Work to complete ▸
Your answer must consist solely of the line containing "this 1600×929 image." and each line after it through the end of the data, copied exactly.

Supplied data ▸
►
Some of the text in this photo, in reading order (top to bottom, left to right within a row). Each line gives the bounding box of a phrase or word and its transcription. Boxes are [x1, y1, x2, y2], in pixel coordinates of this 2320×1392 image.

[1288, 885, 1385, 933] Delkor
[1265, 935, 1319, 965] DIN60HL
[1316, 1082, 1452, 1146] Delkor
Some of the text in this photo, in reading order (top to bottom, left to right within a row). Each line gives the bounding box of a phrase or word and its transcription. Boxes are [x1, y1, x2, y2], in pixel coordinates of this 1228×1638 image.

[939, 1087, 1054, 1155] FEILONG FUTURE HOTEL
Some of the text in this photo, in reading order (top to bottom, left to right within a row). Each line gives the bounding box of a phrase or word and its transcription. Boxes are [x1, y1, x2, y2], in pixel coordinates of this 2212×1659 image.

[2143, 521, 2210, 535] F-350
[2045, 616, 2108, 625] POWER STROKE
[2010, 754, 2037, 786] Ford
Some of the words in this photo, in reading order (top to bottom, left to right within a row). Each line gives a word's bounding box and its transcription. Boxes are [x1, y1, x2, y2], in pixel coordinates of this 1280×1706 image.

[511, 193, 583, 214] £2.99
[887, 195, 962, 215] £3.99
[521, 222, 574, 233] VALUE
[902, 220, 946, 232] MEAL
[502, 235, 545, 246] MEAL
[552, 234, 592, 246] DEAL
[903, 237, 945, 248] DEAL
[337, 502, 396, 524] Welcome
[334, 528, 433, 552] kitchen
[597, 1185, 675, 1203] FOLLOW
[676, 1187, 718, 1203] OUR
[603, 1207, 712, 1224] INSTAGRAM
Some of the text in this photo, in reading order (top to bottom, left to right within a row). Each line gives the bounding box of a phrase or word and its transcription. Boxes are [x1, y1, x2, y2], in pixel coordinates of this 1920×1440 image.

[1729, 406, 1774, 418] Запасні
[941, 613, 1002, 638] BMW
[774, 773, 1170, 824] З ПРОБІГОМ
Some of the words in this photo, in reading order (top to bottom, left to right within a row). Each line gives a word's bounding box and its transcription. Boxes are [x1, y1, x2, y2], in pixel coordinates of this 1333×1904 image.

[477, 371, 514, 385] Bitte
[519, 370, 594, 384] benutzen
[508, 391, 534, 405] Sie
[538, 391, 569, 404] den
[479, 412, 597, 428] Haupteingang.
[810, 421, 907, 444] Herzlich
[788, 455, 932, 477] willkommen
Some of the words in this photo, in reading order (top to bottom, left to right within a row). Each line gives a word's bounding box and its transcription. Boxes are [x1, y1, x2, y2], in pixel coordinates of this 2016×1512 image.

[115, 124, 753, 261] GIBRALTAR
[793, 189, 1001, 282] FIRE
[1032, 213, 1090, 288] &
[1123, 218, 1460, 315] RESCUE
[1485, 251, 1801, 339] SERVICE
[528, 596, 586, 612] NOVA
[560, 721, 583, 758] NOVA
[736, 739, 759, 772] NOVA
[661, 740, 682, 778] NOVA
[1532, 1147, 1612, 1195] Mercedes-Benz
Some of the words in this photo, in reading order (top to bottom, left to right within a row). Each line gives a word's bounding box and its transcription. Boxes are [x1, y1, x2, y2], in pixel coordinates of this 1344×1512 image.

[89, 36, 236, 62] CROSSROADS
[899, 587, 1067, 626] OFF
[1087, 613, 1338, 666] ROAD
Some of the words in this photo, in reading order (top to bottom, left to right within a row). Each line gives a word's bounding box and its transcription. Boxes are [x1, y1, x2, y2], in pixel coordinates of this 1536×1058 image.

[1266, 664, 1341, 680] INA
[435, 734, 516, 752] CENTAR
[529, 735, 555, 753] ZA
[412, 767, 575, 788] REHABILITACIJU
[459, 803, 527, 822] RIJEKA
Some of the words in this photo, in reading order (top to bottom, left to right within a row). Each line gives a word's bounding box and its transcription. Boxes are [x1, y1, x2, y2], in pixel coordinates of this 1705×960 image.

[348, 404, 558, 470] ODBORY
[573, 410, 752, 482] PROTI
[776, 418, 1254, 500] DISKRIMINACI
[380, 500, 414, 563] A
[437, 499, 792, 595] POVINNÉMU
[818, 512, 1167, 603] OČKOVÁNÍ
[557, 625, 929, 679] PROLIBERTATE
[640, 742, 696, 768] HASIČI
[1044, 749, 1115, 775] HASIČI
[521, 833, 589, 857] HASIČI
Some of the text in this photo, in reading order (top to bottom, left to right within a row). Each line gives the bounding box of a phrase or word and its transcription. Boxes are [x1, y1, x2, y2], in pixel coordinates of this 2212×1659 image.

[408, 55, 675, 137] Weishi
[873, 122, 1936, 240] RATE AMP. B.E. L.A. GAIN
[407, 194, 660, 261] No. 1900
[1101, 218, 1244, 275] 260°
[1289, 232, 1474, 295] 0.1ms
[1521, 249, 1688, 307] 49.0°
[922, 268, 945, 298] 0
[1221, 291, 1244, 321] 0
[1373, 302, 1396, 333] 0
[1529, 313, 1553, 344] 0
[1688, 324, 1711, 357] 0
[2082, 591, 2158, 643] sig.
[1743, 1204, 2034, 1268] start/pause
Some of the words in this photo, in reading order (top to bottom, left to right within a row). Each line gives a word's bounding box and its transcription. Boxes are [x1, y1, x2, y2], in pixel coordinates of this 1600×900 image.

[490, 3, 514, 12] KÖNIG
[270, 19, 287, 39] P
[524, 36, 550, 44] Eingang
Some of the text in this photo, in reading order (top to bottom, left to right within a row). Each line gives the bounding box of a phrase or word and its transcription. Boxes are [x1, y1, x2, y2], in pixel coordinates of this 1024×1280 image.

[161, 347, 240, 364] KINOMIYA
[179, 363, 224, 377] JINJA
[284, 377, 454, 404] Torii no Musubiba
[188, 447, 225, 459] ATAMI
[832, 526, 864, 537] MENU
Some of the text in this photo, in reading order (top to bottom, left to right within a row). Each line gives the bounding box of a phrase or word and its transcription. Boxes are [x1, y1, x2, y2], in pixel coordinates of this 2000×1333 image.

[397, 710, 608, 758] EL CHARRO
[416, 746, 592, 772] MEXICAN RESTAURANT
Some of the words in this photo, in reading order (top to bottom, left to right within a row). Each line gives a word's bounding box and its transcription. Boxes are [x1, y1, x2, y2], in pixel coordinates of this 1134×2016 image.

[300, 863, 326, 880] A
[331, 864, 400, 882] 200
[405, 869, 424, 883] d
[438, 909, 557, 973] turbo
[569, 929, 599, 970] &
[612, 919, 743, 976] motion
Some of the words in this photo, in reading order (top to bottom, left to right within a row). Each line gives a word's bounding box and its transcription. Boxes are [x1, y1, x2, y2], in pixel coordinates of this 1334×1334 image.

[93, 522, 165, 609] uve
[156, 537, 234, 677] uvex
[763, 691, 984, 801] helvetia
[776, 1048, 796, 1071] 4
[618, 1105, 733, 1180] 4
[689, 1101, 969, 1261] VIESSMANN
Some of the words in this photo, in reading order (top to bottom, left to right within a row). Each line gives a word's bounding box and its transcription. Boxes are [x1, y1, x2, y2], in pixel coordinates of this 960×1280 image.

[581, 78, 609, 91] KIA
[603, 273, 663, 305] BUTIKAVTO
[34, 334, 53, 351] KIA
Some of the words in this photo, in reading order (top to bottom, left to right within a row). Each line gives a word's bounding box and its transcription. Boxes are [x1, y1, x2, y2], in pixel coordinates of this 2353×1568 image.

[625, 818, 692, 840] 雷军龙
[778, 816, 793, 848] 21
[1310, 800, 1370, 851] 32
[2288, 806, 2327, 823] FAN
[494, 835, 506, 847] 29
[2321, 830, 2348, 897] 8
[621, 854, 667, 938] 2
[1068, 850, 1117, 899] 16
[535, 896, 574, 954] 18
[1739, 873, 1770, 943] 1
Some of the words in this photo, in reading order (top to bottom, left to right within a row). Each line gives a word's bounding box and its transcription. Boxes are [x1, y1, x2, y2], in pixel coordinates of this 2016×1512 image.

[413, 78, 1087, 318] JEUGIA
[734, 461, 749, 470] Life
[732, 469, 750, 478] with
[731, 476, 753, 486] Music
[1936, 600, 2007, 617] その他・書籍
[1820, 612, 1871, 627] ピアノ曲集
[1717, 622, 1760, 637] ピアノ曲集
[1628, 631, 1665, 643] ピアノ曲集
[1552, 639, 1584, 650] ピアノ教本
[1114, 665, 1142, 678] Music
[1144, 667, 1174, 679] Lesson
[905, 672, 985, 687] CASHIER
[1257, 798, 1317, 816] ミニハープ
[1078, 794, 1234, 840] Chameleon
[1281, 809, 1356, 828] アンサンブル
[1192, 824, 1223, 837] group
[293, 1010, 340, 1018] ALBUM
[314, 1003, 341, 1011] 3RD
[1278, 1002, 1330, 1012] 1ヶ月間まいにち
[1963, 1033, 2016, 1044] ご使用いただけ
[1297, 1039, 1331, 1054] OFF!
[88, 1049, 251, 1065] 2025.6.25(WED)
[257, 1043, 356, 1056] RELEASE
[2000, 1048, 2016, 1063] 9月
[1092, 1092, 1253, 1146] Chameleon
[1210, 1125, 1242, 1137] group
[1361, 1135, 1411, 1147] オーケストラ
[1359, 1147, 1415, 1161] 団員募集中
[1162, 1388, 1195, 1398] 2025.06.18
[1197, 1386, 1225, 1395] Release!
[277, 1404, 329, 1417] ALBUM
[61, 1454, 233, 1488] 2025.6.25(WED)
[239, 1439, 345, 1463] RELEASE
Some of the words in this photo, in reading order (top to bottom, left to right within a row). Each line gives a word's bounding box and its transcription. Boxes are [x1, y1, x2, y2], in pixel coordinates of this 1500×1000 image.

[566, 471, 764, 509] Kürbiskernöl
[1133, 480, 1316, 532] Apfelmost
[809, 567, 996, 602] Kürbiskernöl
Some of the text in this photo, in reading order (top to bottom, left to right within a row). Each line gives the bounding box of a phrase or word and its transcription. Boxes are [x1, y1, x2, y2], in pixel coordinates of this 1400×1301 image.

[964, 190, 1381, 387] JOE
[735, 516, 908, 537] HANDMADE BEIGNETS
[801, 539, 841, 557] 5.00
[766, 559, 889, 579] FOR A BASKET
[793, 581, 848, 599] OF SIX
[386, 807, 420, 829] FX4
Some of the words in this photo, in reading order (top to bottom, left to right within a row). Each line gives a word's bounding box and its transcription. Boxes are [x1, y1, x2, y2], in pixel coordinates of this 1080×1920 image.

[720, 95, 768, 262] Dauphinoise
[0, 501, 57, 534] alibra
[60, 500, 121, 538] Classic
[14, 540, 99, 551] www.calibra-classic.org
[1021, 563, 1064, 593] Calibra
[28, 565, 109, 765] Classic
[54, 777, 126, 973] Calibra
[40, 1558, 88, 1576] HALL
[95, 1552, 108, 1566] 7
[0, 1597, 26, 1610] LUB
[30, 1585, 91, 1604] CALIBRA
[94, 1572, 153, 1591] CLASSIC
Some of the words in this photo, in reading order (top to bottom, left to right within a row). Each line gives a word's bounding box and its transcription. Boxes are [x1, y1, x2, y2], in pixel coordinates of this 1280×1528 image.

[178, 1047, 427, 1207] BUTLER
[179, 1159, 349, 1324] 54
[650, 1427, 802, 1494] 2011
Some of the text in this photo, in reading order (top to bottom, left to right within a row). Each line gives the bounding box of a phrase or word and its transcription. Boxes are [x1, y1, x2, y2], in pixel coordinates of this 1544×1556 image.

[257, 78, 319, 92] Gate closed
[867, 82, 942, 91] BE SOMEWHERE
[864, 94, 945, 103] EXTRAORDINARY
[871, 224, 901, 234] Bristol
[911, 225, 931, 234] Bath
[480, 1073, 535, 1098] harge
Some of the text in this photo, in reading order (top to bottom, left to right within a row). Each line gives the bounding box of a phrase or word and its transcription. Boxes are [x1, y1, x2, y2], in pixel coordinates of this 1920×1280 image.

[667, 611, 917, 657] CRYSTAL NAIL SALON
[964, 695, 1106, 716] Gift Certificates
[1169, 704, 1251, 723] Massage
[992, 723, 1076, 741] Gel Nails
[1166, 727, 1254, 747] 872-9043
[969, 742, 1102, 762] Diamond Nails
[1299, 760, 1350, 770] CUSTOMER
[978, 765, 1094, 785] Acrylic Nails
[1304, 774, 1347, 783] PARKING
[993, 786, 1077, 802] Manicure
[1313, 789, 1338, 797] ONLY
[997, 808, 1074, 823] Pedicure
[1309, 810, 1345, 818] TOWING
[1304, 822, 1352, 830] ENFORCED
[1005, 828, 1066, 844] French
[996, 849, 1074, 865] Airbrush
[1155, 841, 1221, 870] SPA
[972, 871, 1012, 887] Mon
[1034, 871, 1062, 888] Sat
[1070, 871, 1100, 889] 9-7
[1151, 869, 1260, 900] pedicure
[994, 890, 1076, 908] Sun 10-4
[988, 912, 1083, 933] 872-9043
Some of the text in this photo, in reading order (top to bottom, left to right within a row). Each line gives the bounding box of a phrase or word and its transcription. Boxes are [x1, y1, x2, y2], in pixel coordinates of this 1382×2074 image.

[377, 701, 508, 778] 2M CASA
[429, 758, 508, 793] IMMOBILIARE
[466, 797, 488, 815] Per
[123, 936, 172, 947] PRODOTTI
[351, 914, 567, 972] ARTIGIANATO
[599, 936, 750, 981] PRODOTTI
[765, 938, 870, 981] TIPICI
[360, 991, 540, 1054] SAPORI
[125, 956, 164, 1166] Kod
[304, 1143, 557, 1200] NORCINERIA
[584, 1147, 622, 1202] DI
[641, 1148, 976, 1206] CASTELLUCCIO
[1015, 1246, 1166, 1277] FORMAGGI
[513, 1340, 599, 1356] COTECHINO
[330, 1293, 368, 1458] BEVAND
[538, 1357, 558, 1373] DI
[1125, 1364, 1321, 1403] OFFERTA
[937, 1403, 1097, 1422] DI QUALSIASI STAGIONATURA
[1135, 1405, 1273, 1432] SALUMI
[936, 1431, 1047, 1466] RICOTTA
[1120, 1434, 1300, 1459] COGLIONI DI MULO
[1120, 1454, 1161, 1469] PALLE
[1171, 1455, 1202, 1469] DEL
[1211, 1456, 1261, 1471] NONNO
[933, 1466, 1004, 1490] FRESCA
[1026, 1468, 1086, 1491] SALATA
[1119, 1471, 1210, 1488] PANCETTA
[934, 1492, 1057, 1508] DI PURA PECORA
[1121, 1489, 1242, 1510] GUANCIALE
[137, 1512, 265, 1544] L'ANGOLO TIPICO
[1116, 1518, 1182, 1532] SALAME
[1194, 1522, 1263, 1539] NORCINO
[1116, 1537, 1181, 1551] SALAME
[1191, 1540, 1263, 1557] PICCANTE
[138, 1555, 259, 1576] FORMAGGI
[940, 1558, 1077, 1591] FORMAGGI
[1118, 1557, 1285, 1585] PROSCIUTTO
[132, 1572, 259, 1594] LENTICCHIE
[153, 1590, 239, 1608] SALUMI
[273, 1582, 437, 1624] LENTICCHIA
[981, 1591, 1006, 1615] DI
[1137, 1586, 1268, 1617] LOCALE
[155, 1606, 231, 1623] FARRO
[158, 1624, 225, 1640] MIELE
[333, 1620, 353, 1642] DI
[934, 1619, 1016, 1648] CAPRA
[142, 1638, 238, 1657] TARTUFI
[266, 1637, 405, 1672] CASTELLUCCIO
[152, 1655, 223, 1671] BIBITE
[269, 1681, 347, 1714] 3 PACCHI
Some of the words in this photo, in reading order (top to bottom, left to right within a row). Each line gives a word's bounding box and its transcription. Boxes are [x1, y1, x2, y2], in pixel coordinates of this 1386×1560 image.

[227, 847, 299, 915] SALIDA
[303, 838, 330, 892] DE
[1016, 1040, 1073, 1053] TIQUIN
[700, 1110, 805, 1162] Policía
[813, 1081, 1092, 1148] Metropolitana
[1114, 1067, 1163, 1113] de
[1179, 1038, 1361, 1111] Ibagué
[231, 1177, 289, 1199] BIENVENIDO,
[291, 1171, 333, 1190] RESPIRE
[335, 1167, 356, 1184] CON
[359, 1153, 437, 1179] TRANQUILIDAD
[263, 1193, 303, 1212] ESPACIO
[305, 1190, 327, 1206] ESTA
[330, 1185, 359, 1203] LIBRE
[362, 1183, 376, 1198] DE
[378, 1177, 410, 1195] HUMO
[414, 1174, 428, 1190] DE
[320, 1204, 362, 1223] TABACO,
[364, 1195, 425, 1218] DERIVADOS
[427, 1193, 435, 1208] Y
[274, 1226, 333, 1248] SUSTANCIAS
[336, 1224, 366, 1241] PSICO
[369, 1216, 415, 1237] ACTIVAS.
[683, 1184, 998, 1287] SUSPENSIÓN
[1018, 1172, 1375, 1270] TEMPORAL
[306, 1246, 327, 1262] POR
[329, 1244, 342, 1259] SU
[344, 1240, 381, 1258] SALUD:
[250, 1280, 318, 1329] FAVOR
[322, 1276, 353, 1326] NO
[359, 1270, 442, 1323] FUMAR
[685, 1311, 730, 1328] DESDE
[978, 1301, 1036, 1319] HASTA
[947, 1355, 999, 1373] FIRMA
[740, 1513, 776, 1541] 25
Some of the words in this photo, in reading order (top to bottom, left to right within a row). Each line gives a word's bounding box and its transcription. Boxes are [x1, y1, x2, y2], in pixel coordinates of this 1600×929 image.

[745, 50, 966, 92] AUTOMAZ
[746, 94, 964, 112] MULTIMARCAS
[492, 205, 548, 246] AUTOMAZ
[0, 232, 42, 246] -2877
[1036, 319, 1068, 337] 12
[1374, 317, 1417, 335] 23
◄
The answer ▸
Some of the words in this photo, in reading order (top to bottom, left to right within a row). Each line gives a word's bounding box and its transcription. Boxes are [x1, y1, x2, y2], in pixel coordinates of this 1600×929 image.

[745, 50, 966, 92] AUTOMAZ
[746, 94, 964, 112] MULTIMARCAS
[492, 205, 548, 246] AUTOMAZ
[0, 232, 42, 246] -2877
[1036, 319, 1068, 337] 12
[1374, 317, 1417, 335] 23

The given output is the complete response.